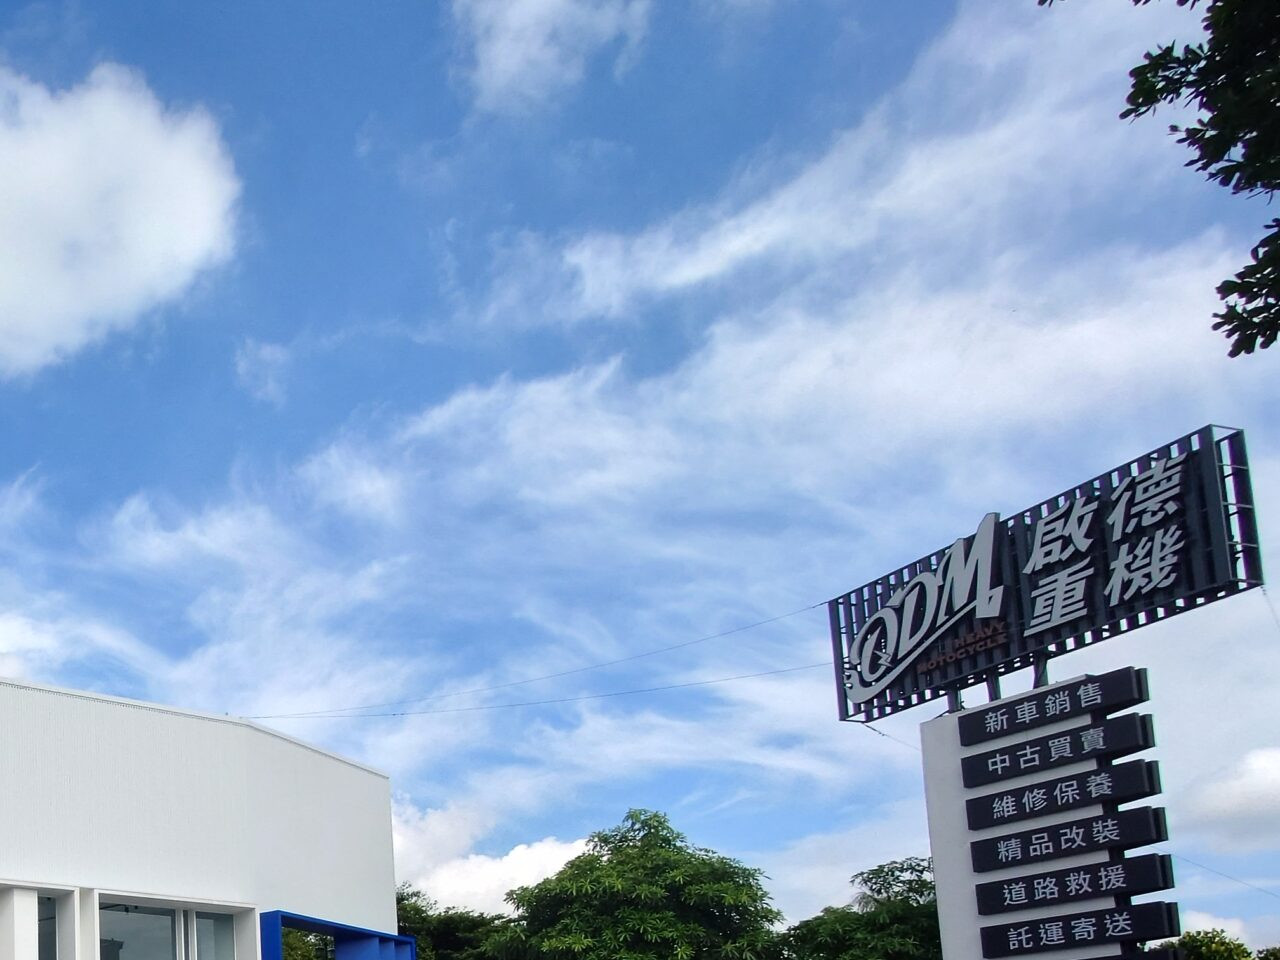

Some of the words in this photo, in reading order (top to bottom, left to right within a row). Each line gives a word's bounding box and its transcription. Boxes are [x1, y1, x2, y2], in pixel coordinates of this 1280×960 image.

[1022, 452, 1188, 575] 啟德
[1023, 524, 1186, 637] 重機
[954, 620, 1006, 648] HEAVY
[984, 681, 1103, 733] 新車銷售
[987, 726, 1106, 775] 中古買賣
[992, 772, 1114, 820] 維修保養
[997, 818, 1120, 863] 精品改裝
[1003, 864, 1127, 907] 道路救援
[1007, 911, 1133, 951] 託運寄送
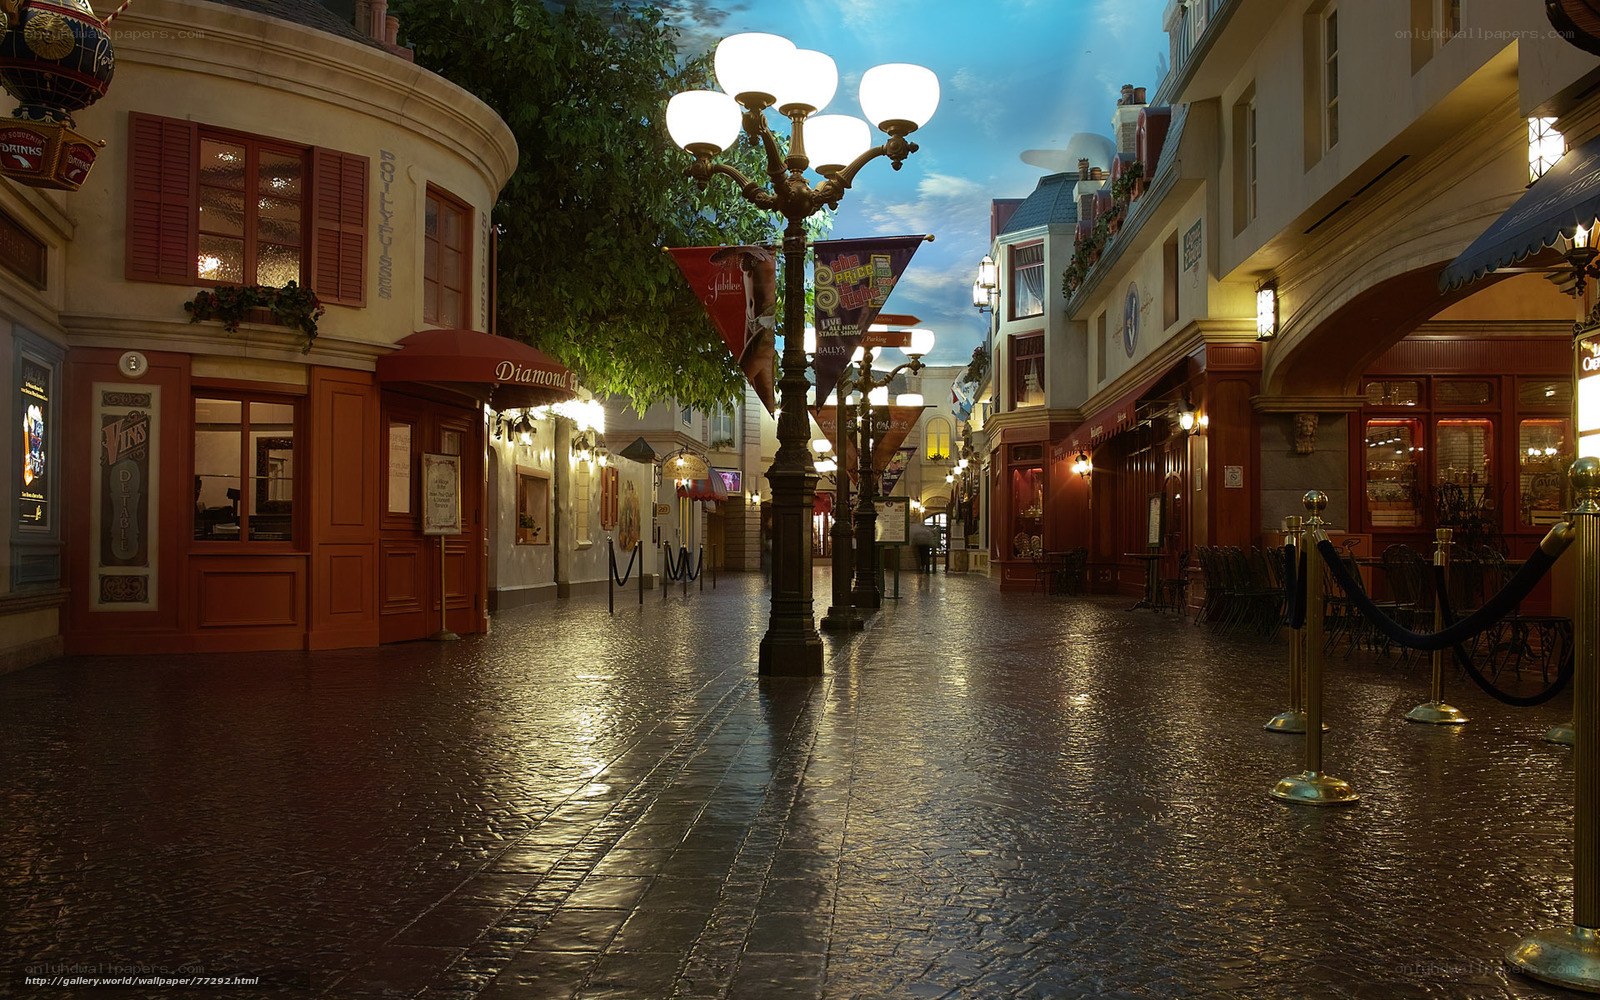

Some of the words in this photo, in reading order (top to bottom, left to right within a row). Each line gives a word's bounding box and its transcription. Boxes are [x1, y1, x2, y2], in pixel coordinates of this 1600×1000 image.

[1, 142, 43, 157] DRINKS
[821, 318, 842, 330] LIVE
[841, 329, 862, 337] SHOW
[818, 346, 846, 354] BALLY'S
[495, 360, 570, 388] Diamond
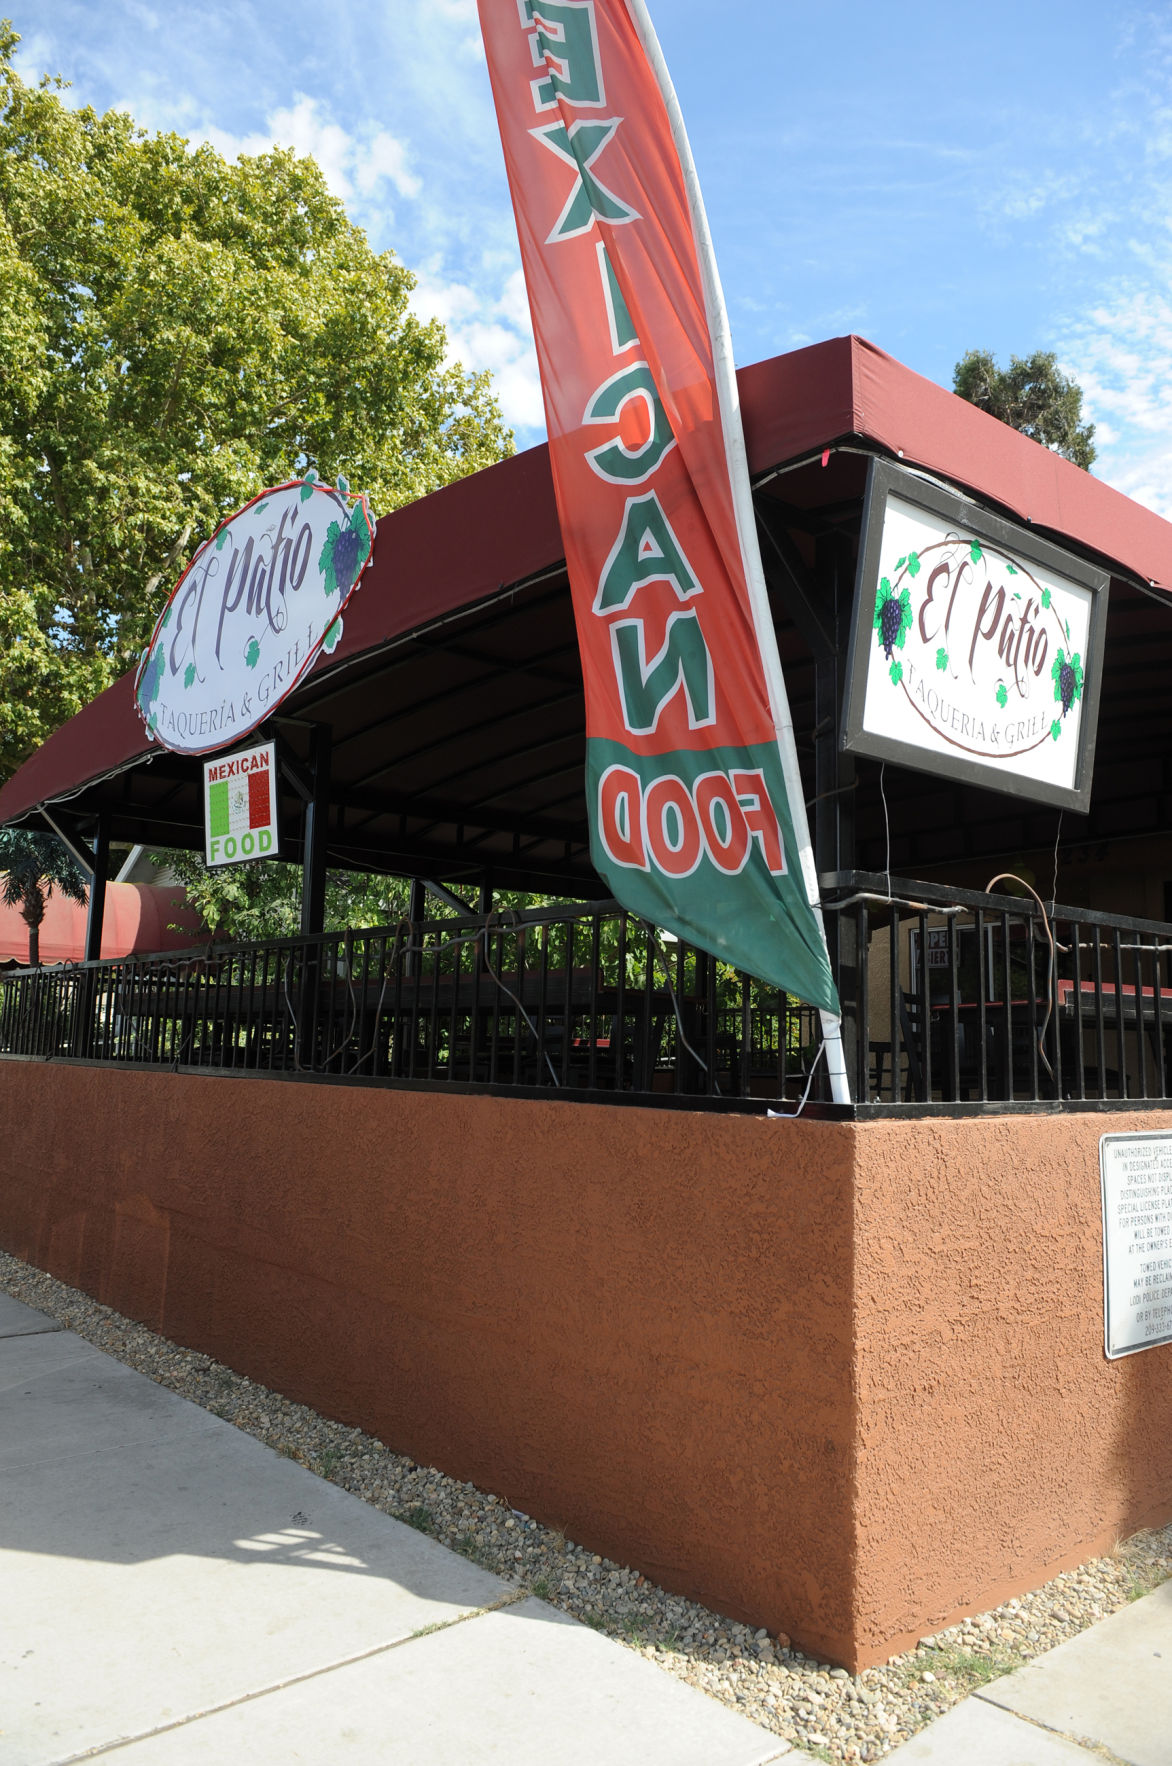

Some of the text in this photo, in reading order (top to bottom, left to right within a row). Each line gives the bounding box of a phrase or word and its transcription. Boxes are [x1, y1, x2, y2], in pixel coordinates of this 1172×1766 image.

[169, 503, 313, 684] El Patio
[919, 556, 1048, 698] El Patio
[241, 691, 252, 719] &
[258, 620, 318, 708] GRILL
[906, 658, 1048, 749] TAQUERIA & GRILL
[208, 751, 270, 783] MEXICAN
[210, 829, 272, 862] FOOD
[1113, 1147, 1151, 1159] UNAUTHORIZED
[1122, 1161, 1128, 1172] IN
[1129, 1159, 1160, 1171] DESIGNATED
[1127, 1174, 1147, 1186] SPACES
[1147, 1172, 1156, 1184] NOT
[1120, 1186, 1160, 1200] DISTINGUISHING
[1117, 1202, 1139, 1215] SPECIAL
[1139, 1199, 1160, 1211] LICENSE
[1119, 1216, 1129, 1228] FOR
[1130, 1213, 1153, 1226] PERSONS
[1155, 1211, 1166, 1222] WITH
[1134, 1225, 1169, 1240] WILL BE TOWED
[1128, 1243, 1135, 1255] AT
[1135, 1242, 1145, 1253] THE
[1146, 1239, 1168, 1252] OWNER'S
[1140, 1261, 1156, 1273] TOWED
[1133, 1277, 1143, 1288] MAY
[1145, 1275, 1152, 1286] BE
[1129, 1294, 1141, 1306] LODI
[1142, 1290, 1160, 1303] POLICE
[1136, 1311, 1144, 1323] OR
[1144, 1309, 1152, 1321] BY

* [Task details]
Your copy should hold every record word for word and none of the pictures.

* [Answer to the exercise]
Some of the words in this photo, in reading order (top to bottom, left to right within a row). Each line gives a word's bounding box and its transcription. Boxes are [x1, y1, x2, y2], in pixel coordinates of this 1280×960 image.

[1022, 452, 1188, 575] 啟德
[1023, 524, 1186, 637] 重機
[954, 620, 1006, 648] HEAVY
[984, 681, 1103, 733] 新車銷售
[987, 726, 1106, 775] 中古買賣
[992, 772, 1114, 820] 維修保養
[997, 818, 1120, 863] 精品改裝
[1003, 864, 1127, 907] 道路救援
[1007, 911, 1133, 951] 託運寄送

Some of the words in this photo, in reading order (top to bottom, left to right within a row). Each line gives a word's bounding box and its transcription. Boxes are [x1, y1, x2, y2], in pixel coordinates of this 1600×1000 image.

[1, 142, 43, 157] DRINKS
[821, 318, 842, 330] LIVE
[841, 329, 862, 337] SHOW
[818, 346, 846, 354] BALLY'S
[495, 360, 570, 388] Diamond

Some of the text in this photo, in reading order (top to bottom, left to right within a row). Each line gives the bounding box of a phrase or word and its transcription. Boxes are [x1, y1, x2, y2], in pixel coordinates of this 1172×1766 image.

[169, 503, 313, 684] El Patio
[919, 556, 1048, 698] El Patio
[241, 691, 252, 719] &
[258, 620, 318, 708] GRILL
[906, 658, 1048, 749] TAQUERIA & GRILL
[208, 751, 270, 783] MEXICAN
[210, 829, 272, 862] FOOD
[1113, 1147, 1151, 1159] UNAUTHORIZED
[1122, 1161, 1128, 1172] IN
[1129, 1159, 1160, 1171] DESIGNATED
[1127, 1174, 1147, 1186] SPACES
[1147, 1172, 1156, 1184] NOT
[1120, 1186, 1160, 1200] DISTINGUISHING
[1117, 1202, 1139, 1215] SPECIAL
[1139, 1199, 1160, 1211] LICENSE
[1119, 1216, 1129, 1228] FOR
[1130, 1213, 1153, 1226] PERSONS
[1155, 1211, 1166, 1222] WITH
[1134, 1225, 1169, 1240] WILL BE TOWED
[1128, 1243, 1135, 1255] AT
[1135, 1242, 1145, 1253] THE
[1146, 1239, 1168, 1252] OWNER'S
[1140, 1261, 1156, 1273] TOWED
[1133, 1277, 1143, 1288] MAY
[1145, 1275, 1152, 1286] BE
[1129, 1294, 1141, 1306] LODI
[1142, 1290, 1160, 1303] POLICE
[1136, 1311, 1144, 1323] OR
[1144, 1309, 1152, 1321] BY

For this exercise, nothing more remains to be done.